• Where's Mike???

    Mike should be HERE. Check in the undergraduate office, the lab, and the backroom graduate office. If he is not in any of those locations, he is probably in a meeting somewhere in the building. However, if the time is before 9am, after 5pm, or sometime on a weekend, Mike is probably not in the building. If you need something signed, or if you need something approved, or if you have questions about your project, and Mike for some reason has gone missing, ask Donna, Carolyn, your project supervisor, or any other member of the lab. If none of them can help you, you may email Mike. If the matter is extremely urgent, you may call his cell phone number.

  • Where's Professor Drake?

    Dr. Drake might be in his office. Then again, he might be at some super-secret conference that we can't tell you about. If you need to get in touch with him, you can send him an email; or if you need to talk to him ASAP, Mike can usually tell you where he is, and if he's not in the building you could give him a call. Most issues in the lab pertaining to safety, equipment, and undergraduate research can be solved by Mike.

  • Where is the Drake Lab?
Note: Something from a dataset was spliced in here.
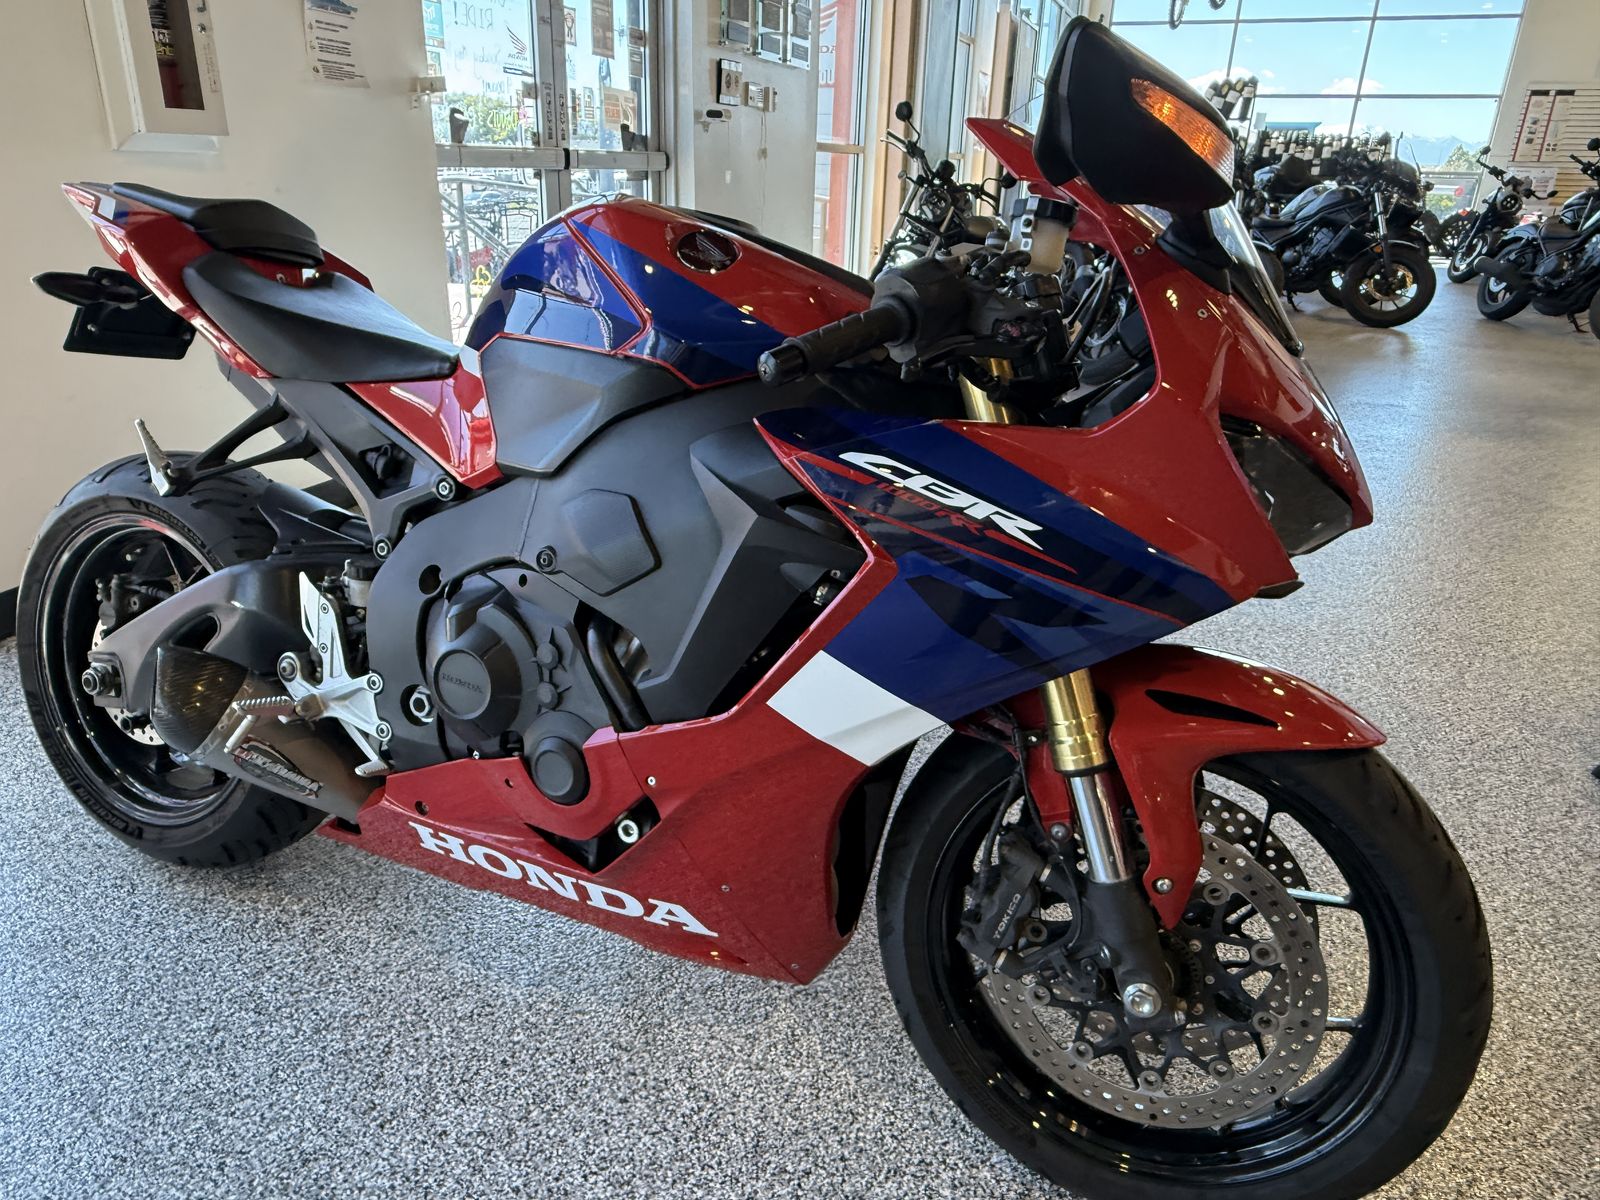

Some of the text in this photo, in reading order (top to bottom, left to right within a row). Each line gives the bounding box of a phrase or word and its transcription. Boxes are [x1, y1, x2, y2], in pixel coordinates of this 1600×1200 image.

[838, 451, 1044, 551] CBR
[441, 672, 484, 695] HONDA
[408, 821, 719, 938] HONDA
[992, 892, 1022, 940] TOKICO
How do I get there?

    The Drake Lab can be found in room 1210 of the Space Research Building (SRB). The SRB is located at 2455 Hayward, near the corner of Hayward and Beal, across Hayward from the FXB (Francois-Xavier Bagnoud building) and across the intersection diagonally from G.G. Brown. If you see a sculpture that looks like a giant black squiggle, you should be able to see the SRB.

    From the front entrance, the Hayward entrance with all the steps, walk in the doors, take an immediate right, and look for 1210.

    From Bursley, walking: Go out the back entrance to the bus stop. At the bus stop, turn right and start walking along Hubbard. At the first intersection you come to, take a right onto Murfin, then take a left at the next street, which is Hayward. Continue walking along Hayward until you reach the SRB. Go in the front entrance.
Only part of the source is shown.